START Data records
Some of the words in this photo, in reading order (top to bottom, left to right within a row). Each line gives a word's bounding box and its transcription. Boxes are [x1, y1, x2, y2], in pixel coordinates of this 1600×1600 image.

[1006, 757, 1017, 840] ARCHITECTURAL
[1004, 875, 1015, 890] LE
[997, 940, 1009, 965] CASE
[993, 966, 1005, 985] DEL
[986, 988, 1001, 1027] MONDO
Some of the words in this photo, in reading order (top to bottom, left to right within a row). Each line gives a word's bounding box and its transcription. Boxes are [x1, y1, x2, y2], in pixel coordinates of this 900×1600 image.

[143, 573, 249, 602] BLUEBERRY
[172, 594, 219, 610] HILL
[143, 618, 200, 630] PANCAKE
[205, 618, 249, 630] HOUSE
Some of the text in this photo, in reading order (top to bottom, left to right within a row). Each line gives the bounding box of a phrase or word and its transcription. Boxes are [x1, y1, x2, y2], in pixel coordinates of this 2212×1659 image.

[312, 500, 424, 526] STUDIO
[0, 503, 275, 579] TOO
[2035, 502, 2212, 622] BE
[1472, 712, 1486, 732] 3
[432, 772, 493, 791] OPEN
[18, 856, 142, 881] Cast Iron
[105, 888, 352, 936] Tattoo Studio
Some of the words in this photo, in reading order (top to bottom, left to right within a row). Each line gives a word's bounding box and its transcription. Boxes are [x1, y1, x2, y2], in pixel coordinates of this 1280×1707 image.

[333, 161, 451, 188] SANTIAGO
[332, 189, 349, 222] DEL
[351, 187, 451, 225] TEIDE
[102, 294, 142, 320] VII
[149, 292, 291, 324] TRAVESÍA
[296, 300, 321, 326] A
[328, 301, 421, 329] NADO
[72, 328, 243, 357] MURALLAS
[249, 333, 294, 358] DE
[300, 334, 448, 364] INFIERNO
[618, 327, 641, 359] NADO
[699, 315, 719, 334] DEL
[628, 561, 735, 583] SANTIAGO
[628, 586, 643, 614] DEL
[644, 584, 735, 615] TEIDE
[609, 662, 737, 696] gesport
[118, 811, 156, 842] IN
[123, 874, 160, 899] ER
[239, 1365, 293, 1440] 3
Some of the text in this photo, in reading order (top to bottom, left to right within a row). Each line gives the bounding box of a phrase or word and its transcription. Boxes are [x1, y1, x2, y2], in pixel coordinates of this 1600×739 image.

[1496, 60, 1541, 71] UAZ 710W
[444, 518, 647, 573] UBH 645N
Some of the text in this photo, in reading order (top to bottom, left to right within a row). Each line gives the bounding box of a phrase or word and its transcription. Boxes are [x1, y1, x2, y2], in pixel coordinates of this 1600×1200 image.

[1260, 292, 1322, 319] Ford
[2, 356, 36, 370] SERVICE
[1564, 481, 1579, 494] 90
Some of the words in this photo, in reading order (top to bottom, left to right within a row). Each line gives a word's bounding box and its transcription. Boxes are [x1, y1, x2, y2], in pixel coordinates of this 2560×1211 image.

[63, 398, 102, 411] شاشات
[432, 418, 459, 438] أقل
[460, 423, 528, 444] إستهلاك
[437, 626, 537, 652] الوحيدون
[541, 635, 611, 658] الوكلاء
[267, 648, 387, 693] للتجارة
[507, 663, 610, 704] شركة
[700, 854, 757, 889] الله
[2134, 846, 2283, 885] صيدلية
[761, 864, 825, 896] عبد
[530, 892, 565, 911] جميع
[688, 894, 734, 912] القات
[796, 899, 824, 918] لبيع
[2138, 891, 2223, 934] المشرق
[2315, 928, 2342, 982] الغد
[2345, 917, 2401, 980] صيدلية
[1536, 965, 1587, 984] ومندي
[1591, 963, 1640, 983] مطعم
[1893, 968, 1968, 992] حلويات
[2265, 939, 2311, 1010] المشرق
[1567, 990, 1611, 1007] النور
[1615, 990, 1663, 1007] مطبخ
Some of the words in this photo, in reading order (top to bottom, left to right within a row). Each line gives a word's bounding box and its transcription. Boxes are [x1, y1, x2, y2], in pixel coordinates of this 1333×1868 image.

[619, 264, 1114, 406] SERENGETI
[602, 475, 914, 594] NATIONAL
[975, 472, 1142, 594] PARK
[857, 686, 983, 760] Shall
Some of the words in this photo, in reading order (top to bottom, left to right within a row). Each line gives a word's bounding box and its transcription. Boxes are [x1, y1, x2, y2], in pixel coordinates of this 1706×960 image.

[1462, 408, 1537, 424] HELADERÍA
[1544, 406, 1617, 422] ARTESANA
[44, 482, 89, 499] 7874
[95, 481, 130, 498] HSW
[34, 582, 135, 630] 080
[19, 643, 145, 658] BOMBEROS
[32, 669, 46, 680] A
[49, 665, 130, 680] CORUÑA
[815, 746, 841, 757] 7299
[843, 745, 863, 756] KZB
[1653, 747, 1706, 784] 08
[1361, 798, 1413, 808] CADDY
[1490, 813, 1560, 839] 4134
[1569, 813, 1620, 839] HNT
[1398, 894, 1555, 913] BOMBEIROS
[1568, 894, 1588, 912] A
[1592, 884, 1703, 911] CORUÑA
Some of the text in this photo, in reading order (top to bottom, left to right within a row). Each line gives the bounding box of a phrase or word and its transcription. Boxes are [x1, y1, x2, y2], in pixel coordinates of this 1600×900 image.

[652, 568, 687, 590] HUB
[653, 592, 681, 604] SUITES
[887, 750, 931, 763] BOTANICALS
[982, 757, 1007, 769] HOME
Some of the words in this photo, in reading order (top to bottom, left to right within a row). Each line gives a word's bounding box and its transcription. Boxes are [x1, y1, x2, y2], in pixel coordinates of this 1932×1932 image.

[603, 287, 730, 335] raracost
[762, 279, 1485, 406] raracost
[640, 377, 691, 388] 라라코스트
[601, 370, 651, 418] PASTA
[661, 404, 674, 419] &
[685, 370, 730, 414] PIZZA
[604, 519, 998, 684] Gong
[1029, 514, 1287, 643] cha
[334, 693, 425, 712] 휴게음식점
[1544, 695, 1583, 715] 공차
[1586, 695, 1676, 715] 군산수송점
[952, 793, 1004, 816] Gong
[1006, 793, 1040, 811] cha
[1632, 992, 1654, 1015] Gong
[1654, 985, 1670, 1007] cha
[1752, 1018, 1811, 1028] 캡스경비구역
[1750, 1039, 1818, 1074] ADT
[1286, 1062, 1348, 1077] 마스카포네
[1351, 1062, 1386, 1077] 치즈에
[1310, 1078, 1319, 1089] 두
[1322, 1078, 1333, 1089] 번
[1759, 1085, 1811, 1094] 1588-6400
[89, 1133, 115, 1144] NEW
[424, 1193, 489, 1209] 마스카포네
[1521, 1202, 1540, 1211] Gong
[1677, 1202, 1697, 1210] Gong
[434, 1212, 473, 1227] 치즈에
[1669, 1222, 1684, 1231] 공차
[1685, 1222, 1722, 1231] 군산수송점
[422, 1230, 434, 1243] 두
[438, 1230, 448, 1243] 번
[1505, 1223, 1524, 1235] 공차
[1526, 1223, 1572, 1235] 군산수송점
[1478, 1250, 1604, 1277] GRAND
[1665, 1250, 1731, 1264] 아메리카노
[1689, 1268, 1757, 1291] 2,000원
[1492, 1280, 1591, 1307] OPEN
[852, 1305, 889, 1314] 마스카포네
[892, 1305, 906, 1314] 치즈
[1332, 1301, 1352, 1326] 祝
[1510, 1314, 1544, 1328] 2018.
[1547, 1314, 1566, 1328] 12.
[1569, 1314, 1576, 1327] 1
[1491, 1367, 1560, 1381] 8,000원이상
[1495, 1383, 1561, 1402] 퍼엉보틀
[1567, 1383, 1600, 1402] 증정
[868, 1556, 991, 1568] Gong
END Data records
Activity:
Restate the data above word for word. Leave nothing out.

Answer below:
Some of the words in this photo, in reading order (top to bottom, left to right within a row). Each line gives a word's bounding box and its transcription. Boxes are [x1, y1, x2, y2], in pixel coordinates of this 1600×1600 image.

[1006, 757, 1017, 840] ARCHITECTURAL
[1004, 875, 1015, 890] LE
[997, 940, 1009, 965] CASE
[993, 966, 1005, 985] DEL
[986, 988, 1001, 1027] MONDO
Some of the words in this photo, in reading order (top to bottom, left to right within a row). Each line gives a word's bounding box and its transcription. Boxes are [x1, y1, x2, y2], in pixel coordinates of this 900×1600 image.

[143, 573, 249, 602] BLUEBERRY
[172, 594, 219, 610] HILL
[143, 618, 200, 630] PANCAKE
[205, 618, 249, 630] HOUSE
Some of the text in this photo, in reading order (top to bottom, left to right within a row). Each line gives the bounding box of a phrase or word and its transcription. Boxes are [x1, y1, x2, y2], in pixel coordinates of this 2212×1659 image.

[312, 500, 424, 526] STUDIO
[0, 503, 275, 579] TOO
[2035, 502, 2212, 622] BE
[1472, 712, 1486, 732] 3
[432, 772, 493, 791] OPEN
[18, 856, 142, 881] Cast Iron
[105, 888, 352, 936] Tattoo Studio
Some of the words in this photo, in reading order (top to bottom, left to right within a row). Each line gives a word's bounding box and its transcription. Boxes are [x1, y1, x2, y2], in pixel coordinates of this 1280×1707 image.

[333, 161, 451, 188] SANTIAGO
[332, 189, 349, 222] DEL
[351, 187, 451, 225] TEIDE
[102, 294, 142, 320] VII
[149, 292, 291, 324] TRAVESÍA
[296, 300, 321, 326] A
[328, 301, 421, 329] NADO
[72, 328, 243, 357] MURALLAS
[249, 333, 294, 358] DE
[300, 334, 448, 364] INFIERNO
[618, 327, 641, 359] NADO
[699, 315, 719, 334] DEL
[628, 561, 735, 583] SANTIAGO
[628, 586, 643, 614] DEL
[644, 584, 735, 615] TEIDE
[609, 662, 737, 696] gesport
[118, 811, 156, 842] IN
[123, 874, 160, 899] ER
[239, 1365, 293, 1440] 3
Some of the text in this photo, in reading order (top to bottom, left to right within a row). Each line gives the bounding box of a phrase or word and its transcription. Boxes are [x1, y1, x2, y2], in pixel coordinates of this 1600×739 image.

[1496, 60, 1541, 71] UAZ 710W
[444, 518, 647, 573] UBH 645N
Some of the text in this photo, in reading order (top to bottom, left to right within a row). Each line gives the bounding box of a phrase or word and its transcription. Boxes are [x1, y1, x2, y2], in pixel coordinates of this 1600×1200 image.

[1260, 292, 1322, 319] Ford
[2, 356, 36, 370] SERVICE
[1564, 481, 1579, 494] 90
Some of the words in this photo, in reading order (top to bottom, left to right within a row). Each line gives a word's bounding box and its transcription. Boxes are [x1, y1, x2, y2], in pixel coordinates of this 2560×1211 image.

[63, 398, 102, 411] شاشات
[432, 418, 459, 438] أقل
[460, 423, 528, 444] إستهلاك
[437, 626, 537, 652] الوحيدون
[541, 635, 611, 658] الوكلاء
[267, 648, 387, 693] للتجارة
[507, 663, 610, 704] شركة
[700, 854, 757, 889] الله
[2134, 846, 2283, 885] صيدلية
[761, 864, 825, 896] عبد
[530, 892, 565, 911] جميع
[688, 894, 734, 912] القات
[796, 899, 824, 918] لبيع
[2138, 891, 2223, 934] المشرق
[2315, 928, 2342, 982] الغد
[2345, 917, 2401, 980] صيدلية
[1536, 965, 1587, 984] ومندي
[1591, 963, 1640, 983] مطعم
[1893, 968, 1968, 992] حلويات
[2265, 939, 2311, 1010] المشرق
[1567, 990, 1611, 1007] النور
[1615, 990, 1663, 1007] مطبخ
Some of the words in this photo, in reading order (top to bottom, left to right within a row). Each line gives a word's bounding box and its transcription. Boxes are [x1, y1, x2, y2], in pixel coordinates of this 1333×1868 image.

[619, 264, 1114, 406] SERENGETI
[602, 475, 914, 594] NATIONAL
[975, 472, 1142, 594] PARK
[857, 686, 983, 760] Shall
Some of the words in this photo, in reading order (top to bottom, left to right within a row). Each line gives a word's bounding box and its transcription. Boxes are [x1, y1, x2, y2], in pixel coordinates of this 1706×960 image.

[1462, 408, 1537, 424] HELADERÍA
[1544, 406, 1617, 422] ARTESANA
[44, 482, 89, 499] 7874
[95, 481, 130, 498] HSW
[34, 582, 135, 630] 080
[19, 643, 145, 658] BOMBEROS
[32, 669, 46, 680] A
[49, 665, 130, 680] CORUÑA
[815, 746, 841, 757] 7299
[843, 745, 863, 756] KZB
[1653, 747, 1706, 784] 08
[1361, 798, 1413, 808] CADDY
[1490, 813, 1560, 839] 4134
[1569, 813, 1620, 839] HNT
[1398, 894, 1555, 913] BOMBEIROS
[1568, 894, 1588, 912] A
[1592, 884, 1703, 911] CORUÑA
Some of the text in this photo, in reading order (top to bottom, left to right within a row). Each line gives the bounding box of a phrase or word and its transcription. Boxes are [x1, y1, x2, y2], in pixel coordinates of this 1600×900 image.

[652, 568, 687, 590] HUB
[653, 592, 681, 604] SUITES
[887, 750, 931, 763] BOTANICALS
[982, 757, 1007, 769] HOME
Some of the words in this photo, in reading order (top to bottom, left to right within a row). Each line gives a word's bounding box and its transcription. Boxes are [x1, y1, x2, y2], in pixel coordinates of this 1932×1932 image.

[603, 287, 730, 335] raracost
[762, 279, 1485, 406] raracost
[640, 377, 691, 388] 라라코스트
[601, 370, 651, 418] PASTA
[661, 404, 674, 419] &
[685, 370, 730, 414] PIZZA
[604, 519, 998, 684] Gong
[1029, 514, 1287, 643] cha
[334, 693, 425, 712] 휴게음식점
[1544, 695, 1583, 715] 공차
[1586, 695, 1676, 715] 군산수송점
[952, 793, 1004, 816] Gong
[1006, 793, 1040, 811] cha
[1632, 992, 1654, 1015] Gong
[1654, 985, 1670, 1007] cha
[1752, 1018, 1811, 1028] 캡스경비구역
[1750, 1039, 1818, 1074] ADT
[1286, 1062, 1348, 1077] 마스카포네
[1351, 1062, 1386, 1077] 치즈에
[1310, 1078, 1319, 1089] 두
[1322, 1078, 1333, 1089] 번
[1759, 1085, 1811, 1094] 1588-6400
[89, 1133, 115, 1144] NEW
[424, 1193, 489, 1209] 마스카포네
[1521, 1202, 1540, 1211] Gong
[1677, 1202, 1697, 1210] Gong
[434, 1212, 473, 1227] 치즈에
[1669, 1222, 1684, 1231] 공차
[1685, 1222, 1722, 1231] 군산수송점
[422, 1230, 434, 1243] 두
[438, 1230, 448, 1243] 번
[1505, 1223, 1524, 1235] 공차
[1526, 1223, 1572, 1235] 군산수송점
[1478, 1250, 1604, 1277] GRAND
[1665, 1250, 1731, 1264] 아메리카노
[1689, 1268, 1757, 1291] 2,000원
[1492, 1280, 1591, 1307] OPEN
[852, 1305, 889, 1314] 마스카포네
[892, 1305, 906, 1314] 치즈
[1332, 1301, 1352, 1326] 祝
[1510, 1314, 1544, 1328] 2018.
[1547, 1314, 1566, 1328] 12.
[1569, 1314, 1576, 1327] 1
[1491, 1367, 1560, 1381] 8,000원이상
[1495, 1383, 1561, 1402] 퍼엉보틀
[1567, 1383, 1600, 1402] 증정
[868, 1556, 991, 1568] Gong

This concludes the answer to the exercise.